▶ _Source data_
- - -
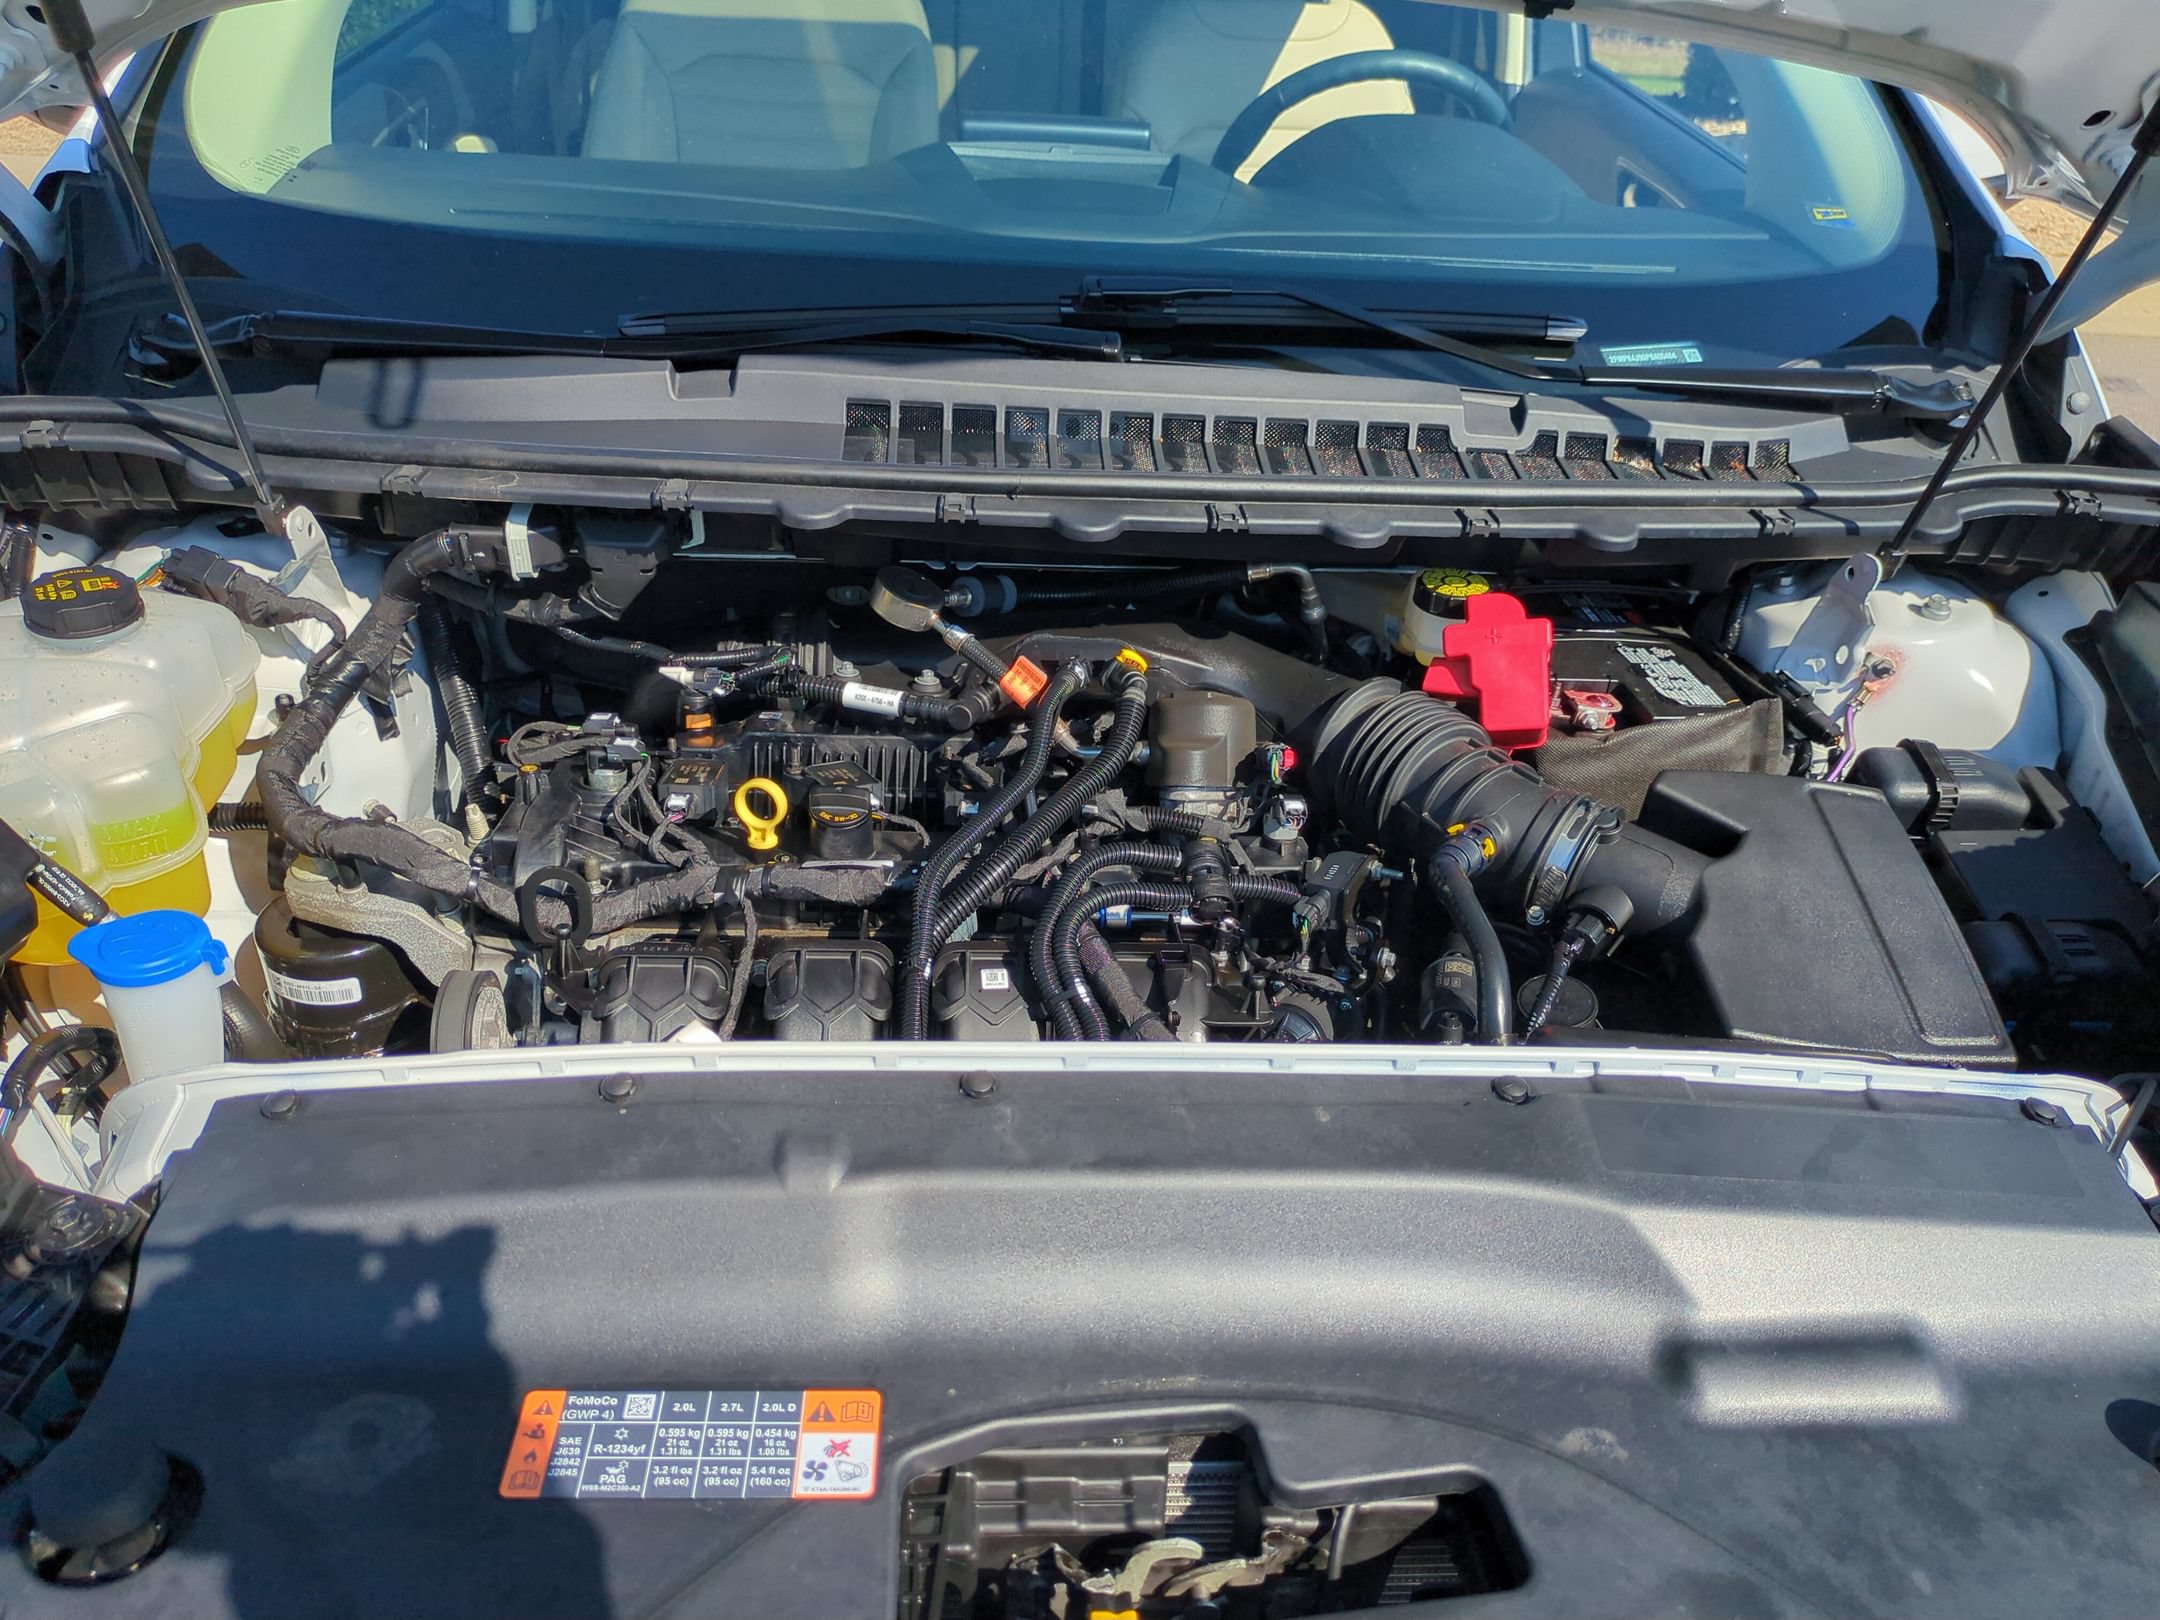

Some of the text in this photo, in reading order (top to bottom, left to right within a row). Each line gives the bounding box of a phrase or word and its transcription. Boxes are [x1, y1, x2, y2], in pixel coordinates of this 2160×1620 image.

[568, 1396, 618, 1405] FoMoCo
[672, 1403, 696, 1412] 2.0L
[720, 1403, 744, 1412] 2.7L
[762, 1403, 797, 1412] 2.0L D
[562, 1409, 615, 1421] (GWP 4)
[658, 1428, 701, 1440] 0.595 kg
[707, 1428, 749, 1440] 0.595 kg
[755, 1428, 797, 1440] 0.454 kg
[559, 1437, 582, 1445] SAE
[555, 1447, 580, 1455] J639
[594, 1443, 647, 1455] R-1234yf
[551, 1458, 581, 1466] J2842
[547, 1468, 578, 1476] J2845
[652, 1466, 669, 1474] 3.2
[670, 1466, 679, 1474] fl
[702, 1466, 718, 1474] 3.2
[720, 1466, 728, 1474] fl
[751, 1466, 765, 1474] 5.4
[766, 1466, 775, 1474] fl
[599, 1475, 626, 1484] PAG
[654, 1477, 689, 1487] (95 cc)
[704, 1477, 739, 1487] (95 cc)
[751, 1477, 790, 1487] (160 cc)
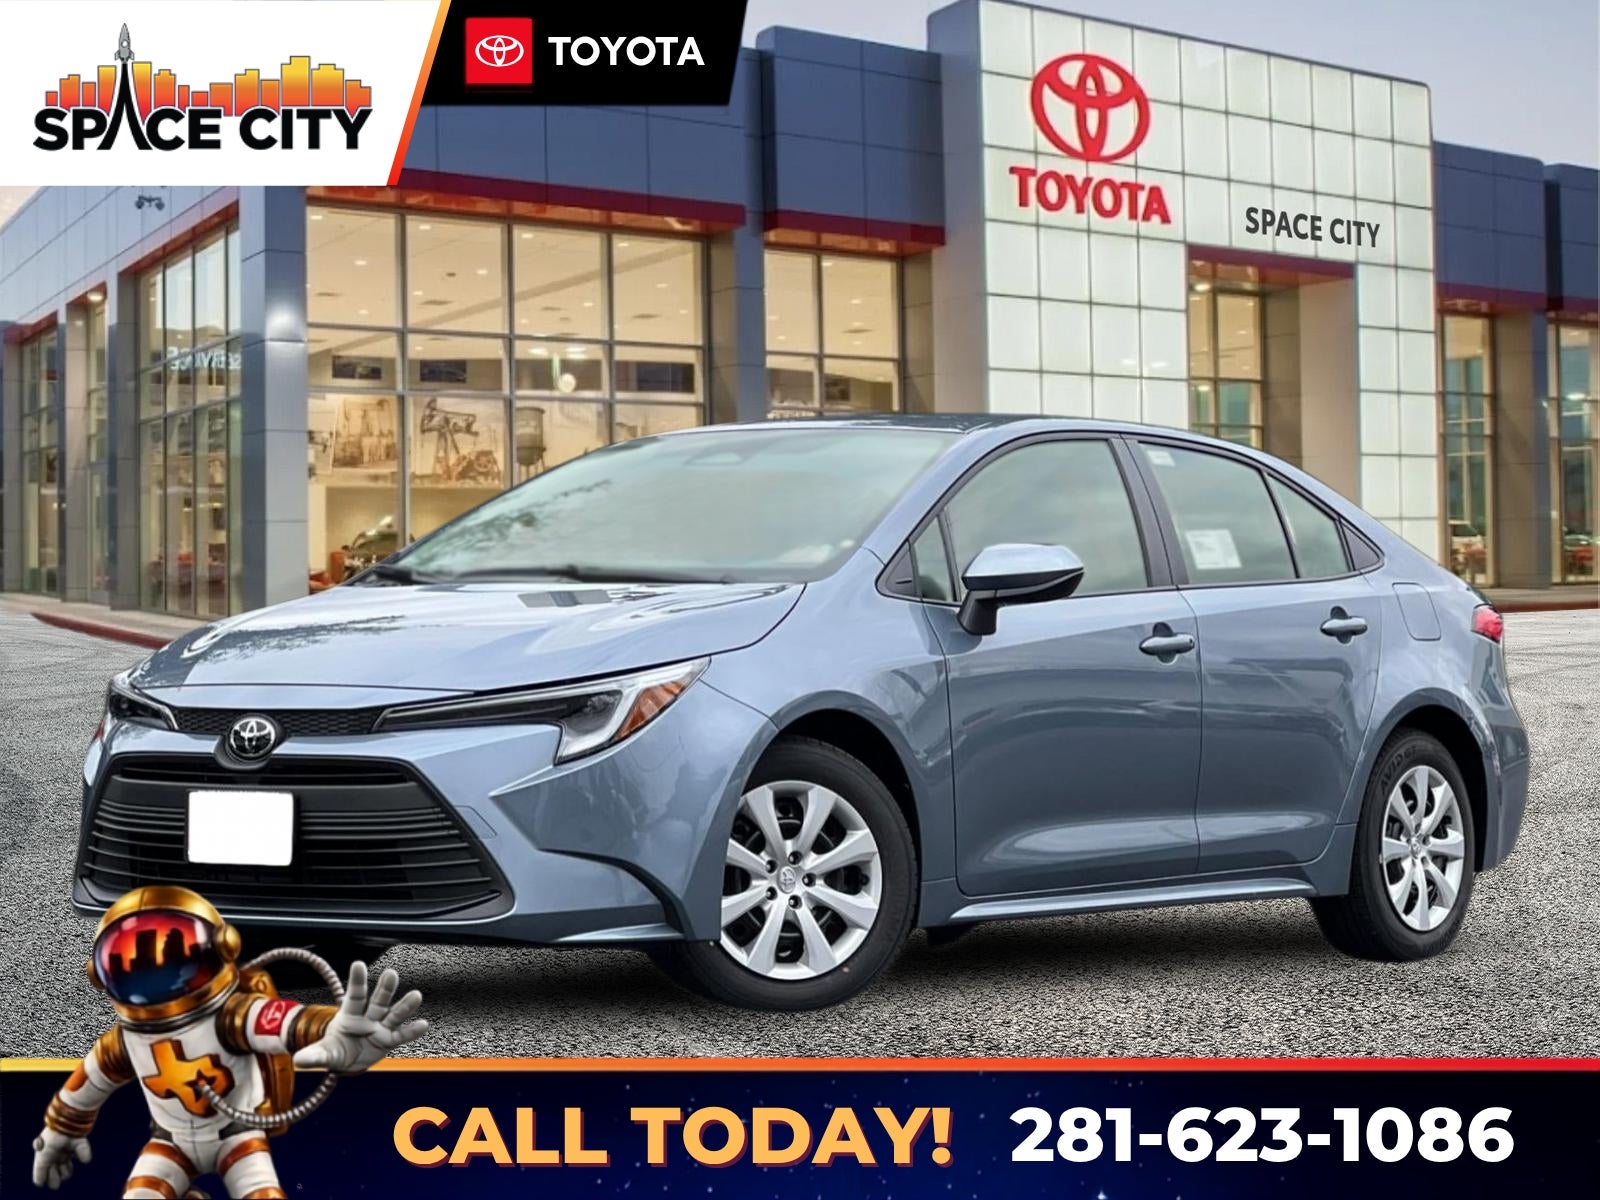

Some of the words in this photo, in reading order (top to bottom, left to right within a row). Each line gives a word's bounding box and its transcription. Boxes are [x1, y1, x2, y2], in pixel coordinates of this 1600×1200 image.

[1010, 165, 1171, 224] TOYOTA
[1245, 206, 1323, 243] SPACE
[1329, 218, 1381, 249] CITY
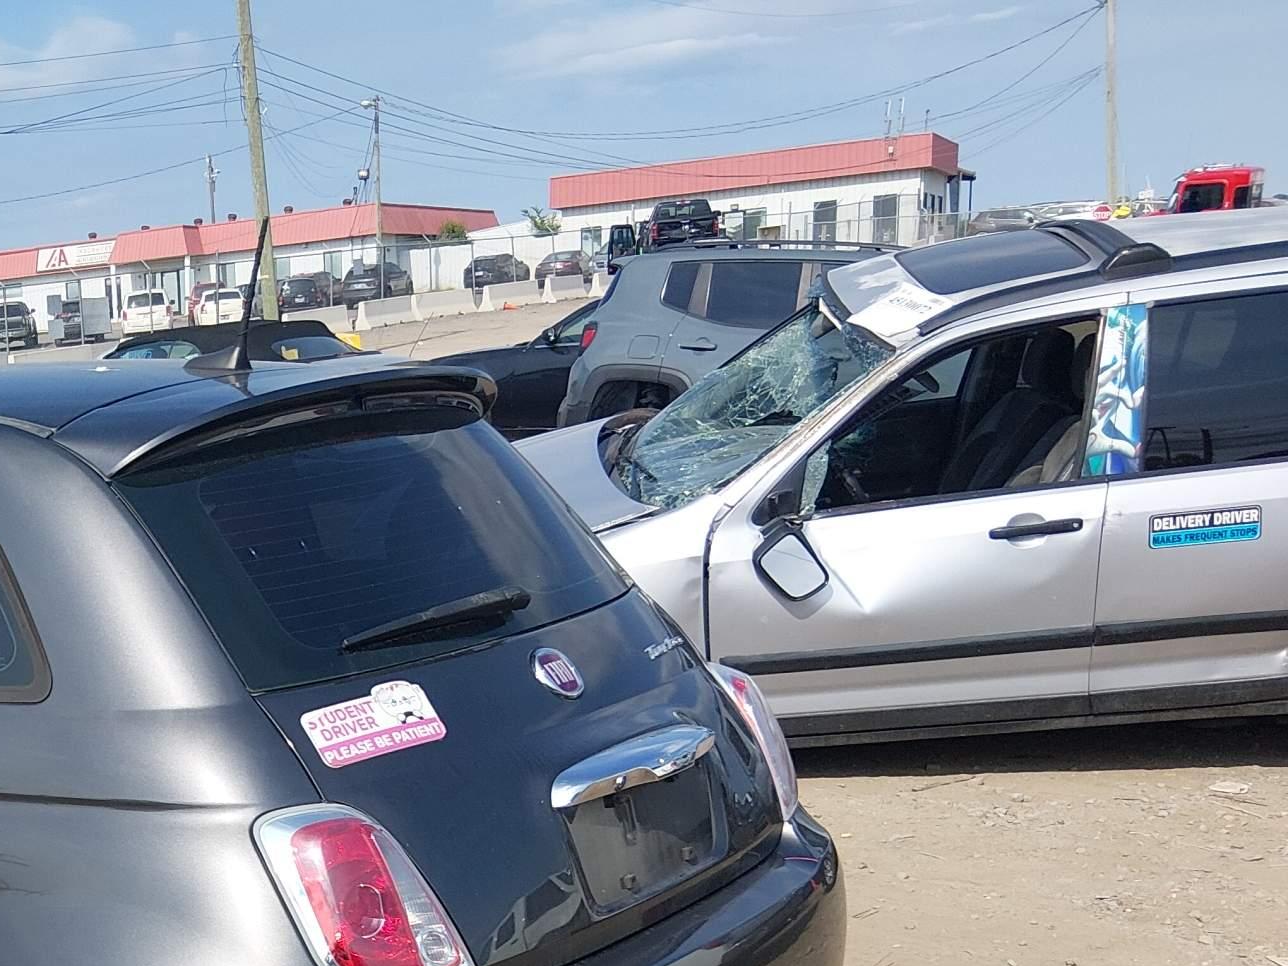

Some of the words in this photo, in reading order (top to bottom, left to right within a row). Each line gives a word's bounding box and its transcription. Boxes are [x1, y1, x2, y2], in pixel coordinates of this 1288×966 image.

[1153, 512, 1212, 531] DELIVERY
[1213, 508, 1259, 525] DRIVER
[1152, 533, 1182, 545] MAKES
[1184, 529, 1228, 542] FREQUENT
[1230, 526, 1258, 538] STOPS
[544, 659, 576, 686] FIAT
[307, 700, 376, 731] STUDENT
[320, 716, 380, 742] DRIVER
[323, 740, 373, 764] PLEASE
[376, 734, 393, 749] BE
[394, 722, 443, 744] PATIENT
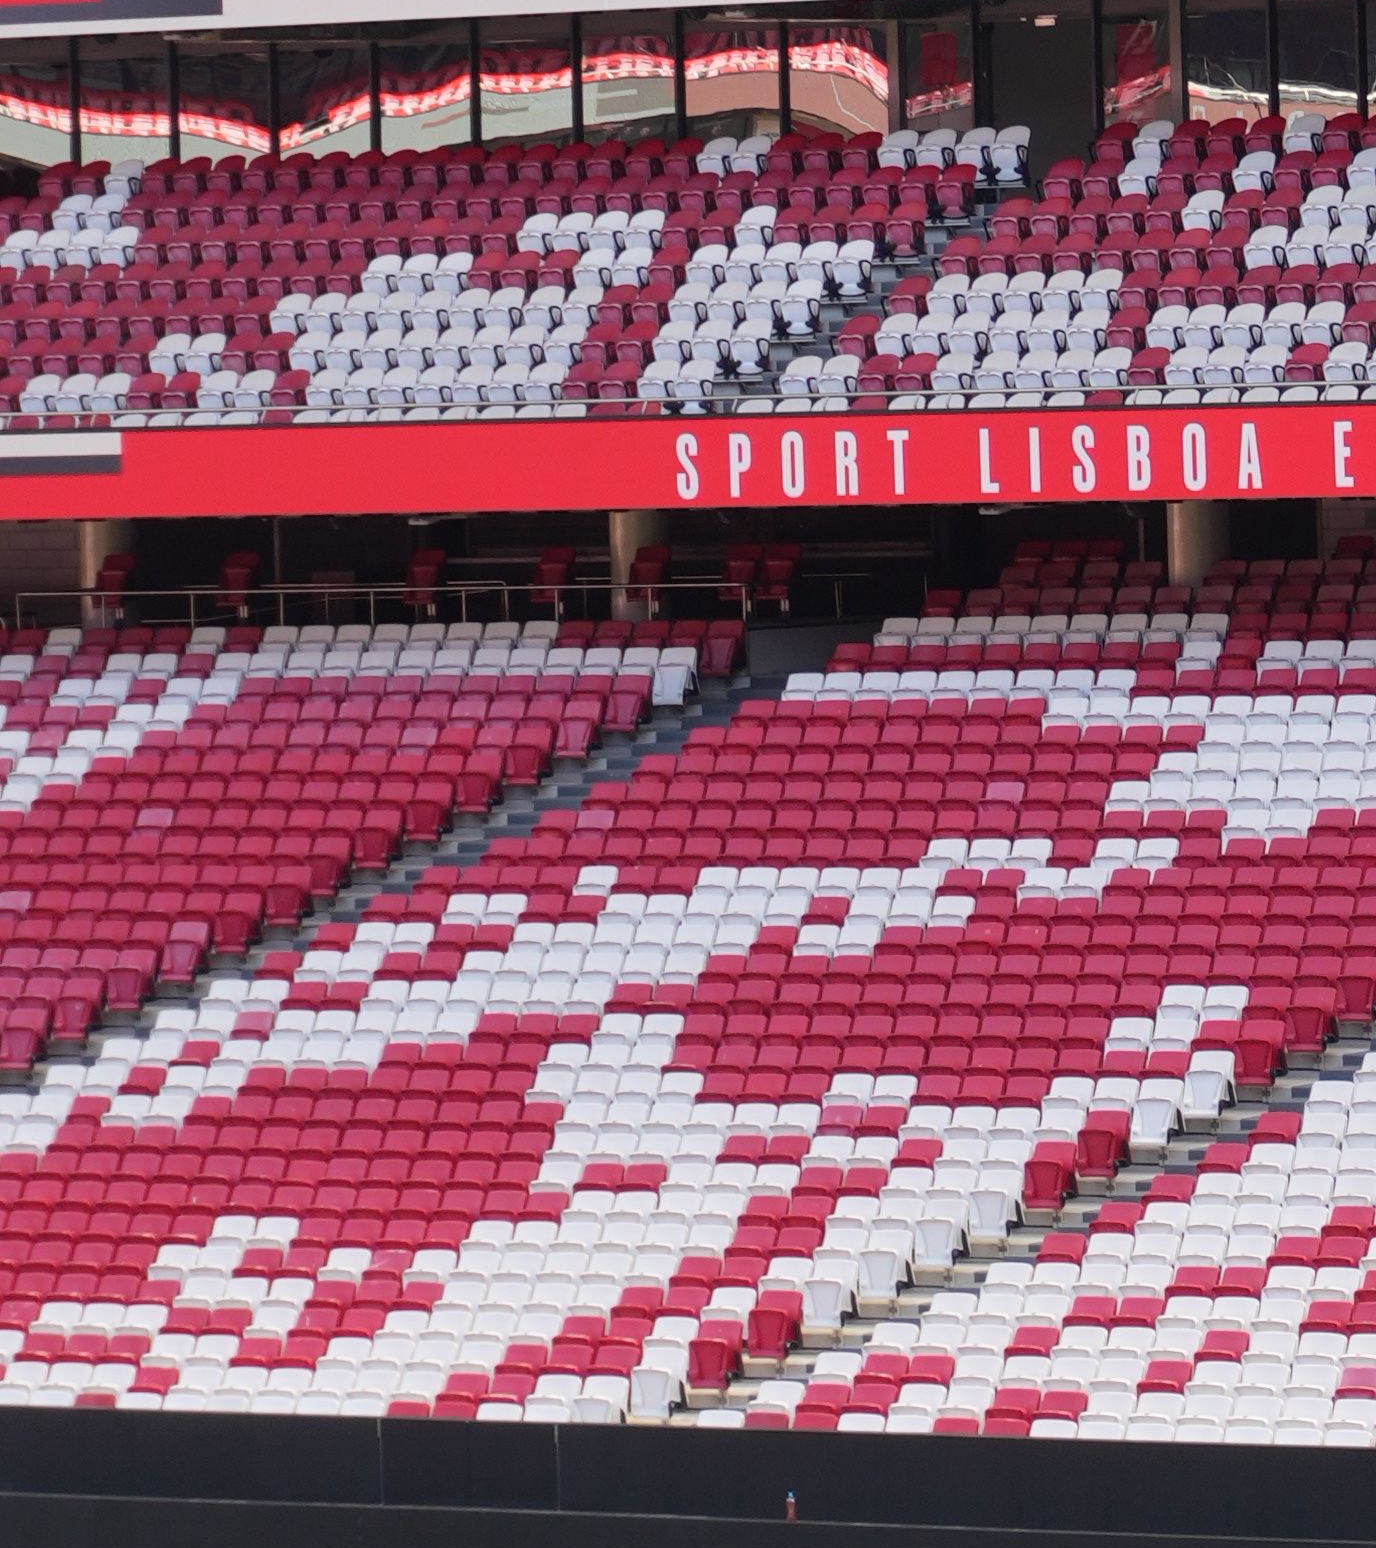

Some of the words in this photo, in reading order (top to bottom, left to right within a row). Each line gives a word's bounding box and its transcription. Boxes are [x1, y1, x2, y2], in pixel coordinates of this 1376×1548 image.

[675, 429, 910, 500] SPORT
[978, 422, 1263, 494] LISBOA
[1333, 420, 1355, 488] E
- - -
▶ _TASK INSTRUCTIONS_
Each line from the one containing "this 1376×1548 image." through the final line of the records must be repeated exactly, with no line added or dropped.

▶ _EXPECTED OUTPUT_
Some of the words in this photo, in reading order (top to bottom, left to right within a row). Each line gives a word's bounding box and its transcription. Boxes are [x1, y1, x2, y2], in pixel coordinates of this 1376×1548 image.

[675, 429, 910, 500] SPORT
[978, 422, 1263, 494] LISBOA
[1333, 420, 1355, 488] E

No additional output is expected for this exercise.